_Exercise instructions_. All of the data that follows is to be written out exactly, with images excluded.

|---|

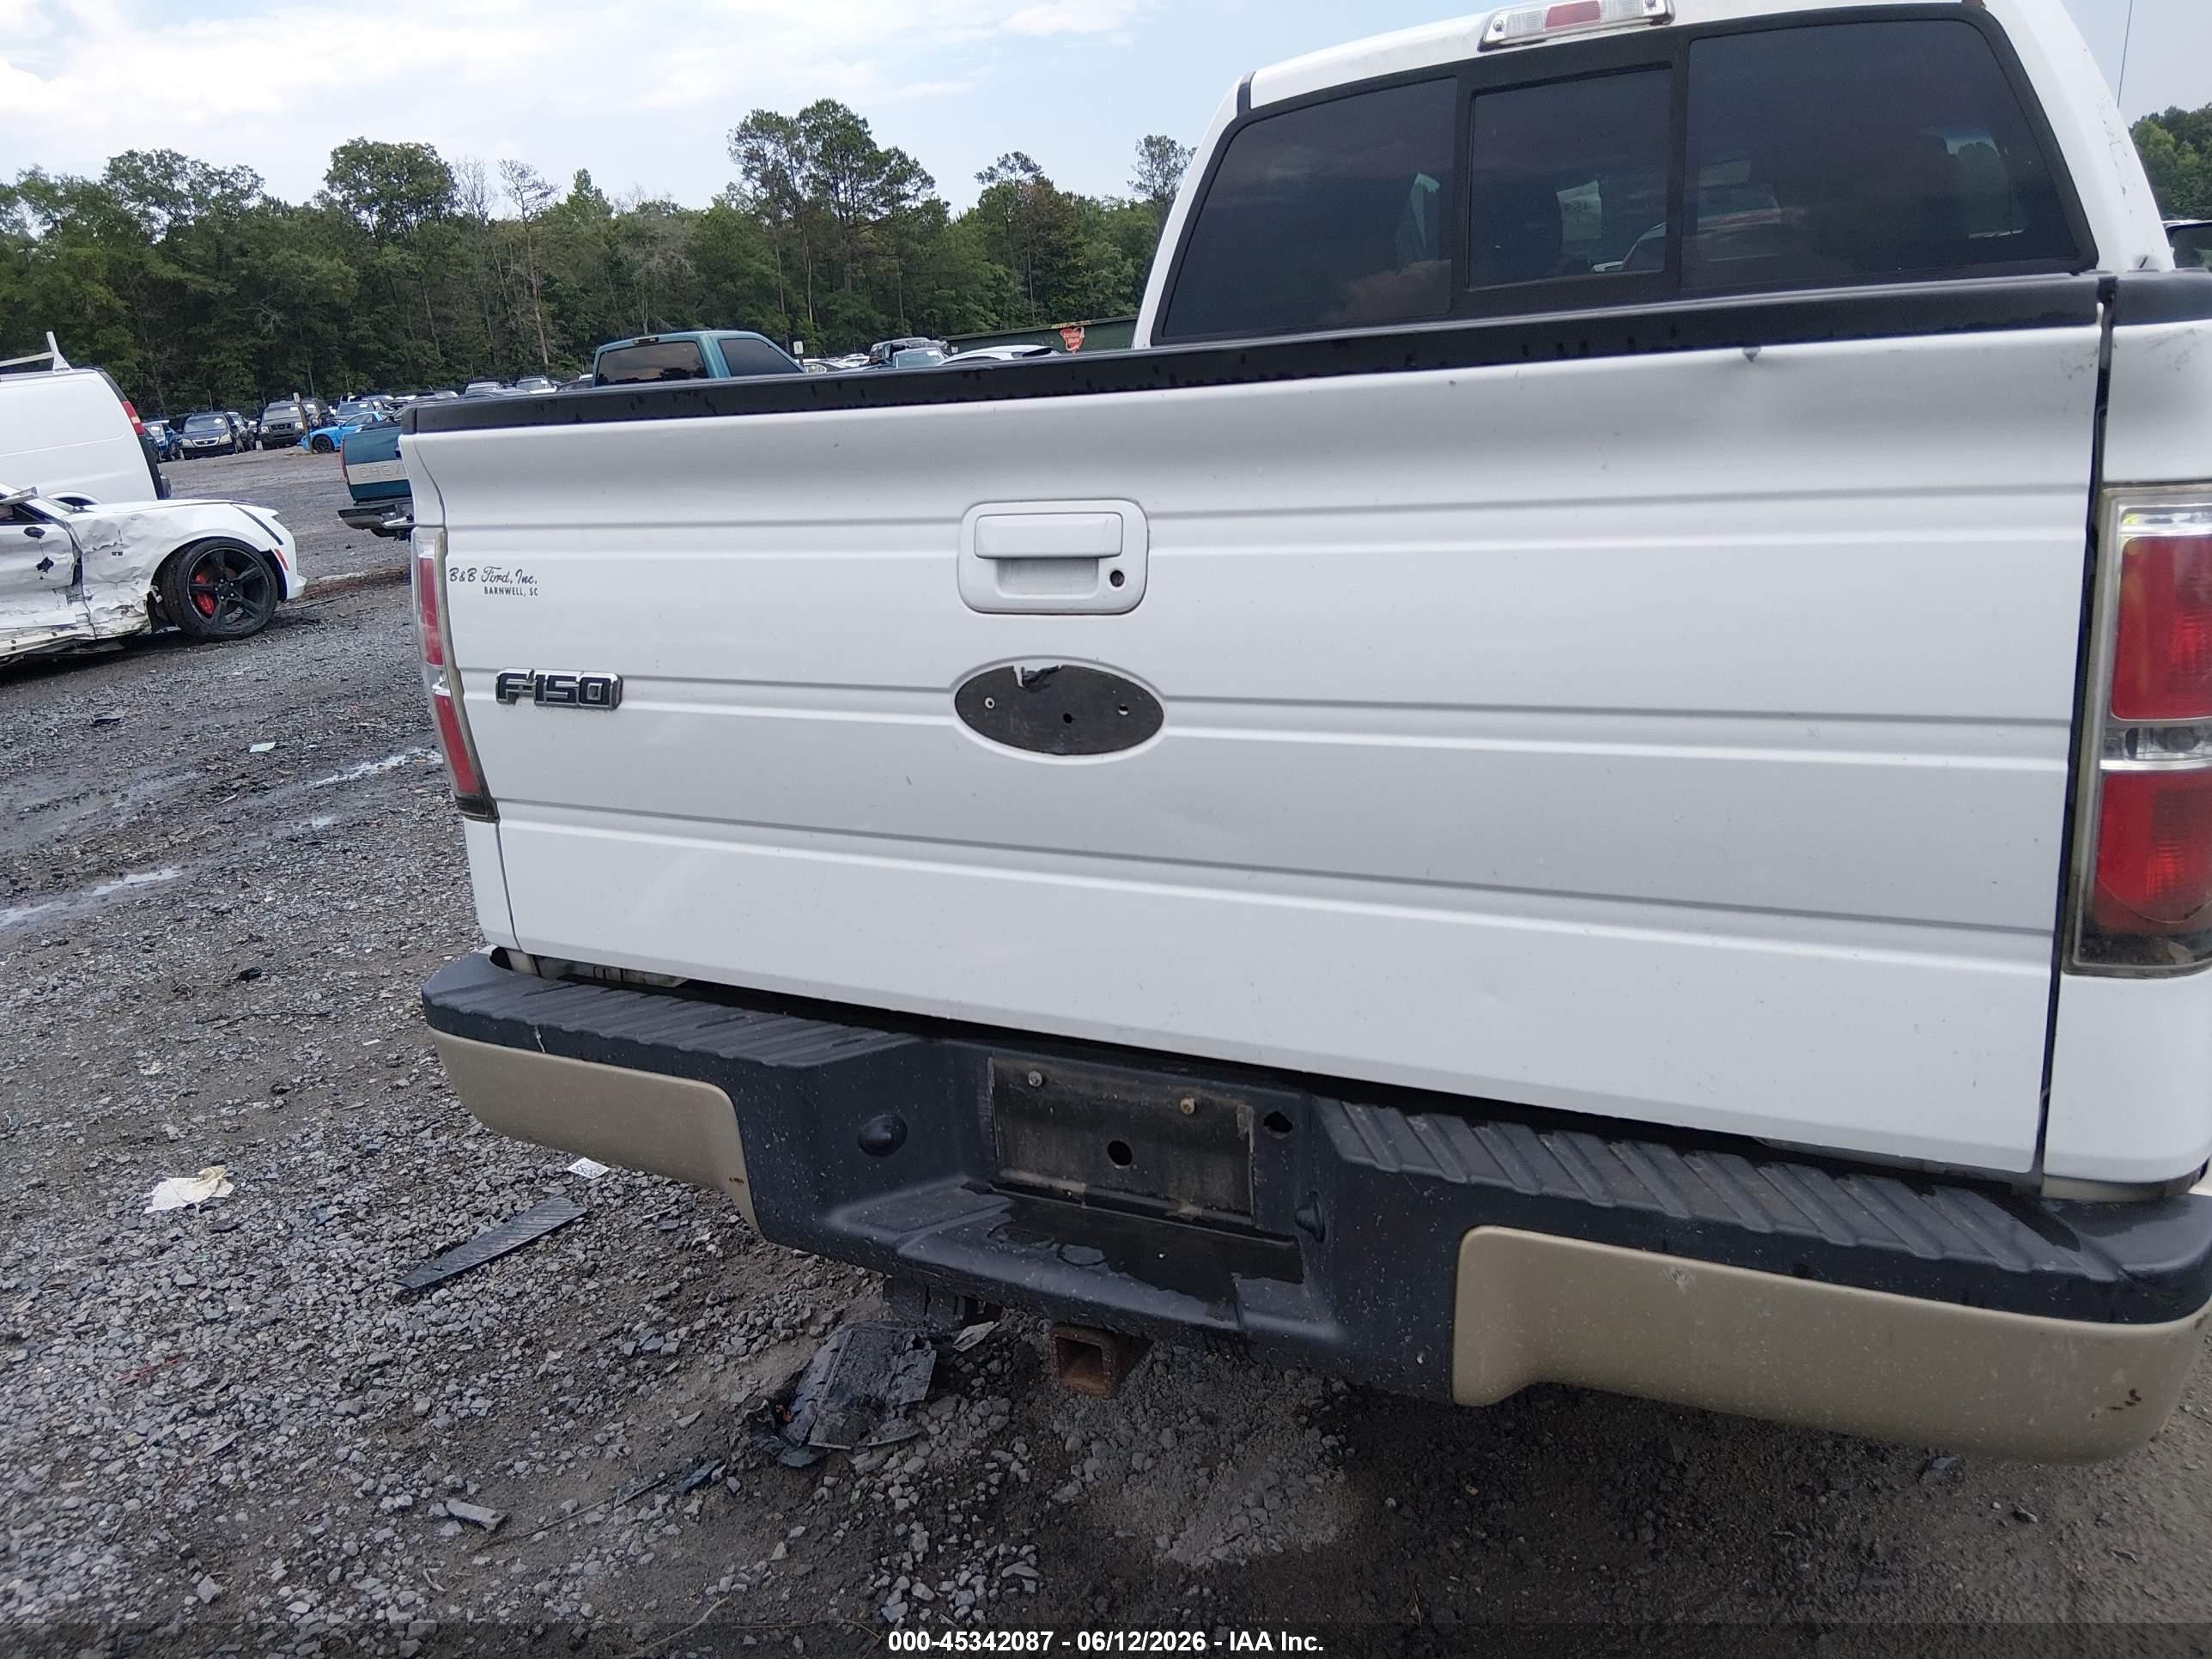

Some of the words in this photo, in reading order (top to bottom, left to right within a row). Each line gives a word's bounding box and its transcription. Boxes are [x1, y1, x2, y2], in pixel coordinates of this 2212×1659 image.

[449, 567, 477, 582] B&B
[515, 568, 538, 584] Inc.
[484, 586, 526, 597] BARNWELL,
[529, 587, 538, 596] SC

|---|

_The completed task_.
Some of the words in this photo, in reading order (top to bottom, left to right within a row). Each line gives a word's bounding box and its transcription. Boxes are [x1, y1, x2, y2], in pixel coordinates of this 2212×1659 image.

[449, 567, 477, 582] B&B
[515, 568, 538, 584] Inc.
[484, 586, 526, 597] BARNWELL,
[529, 587, 538, 596] SC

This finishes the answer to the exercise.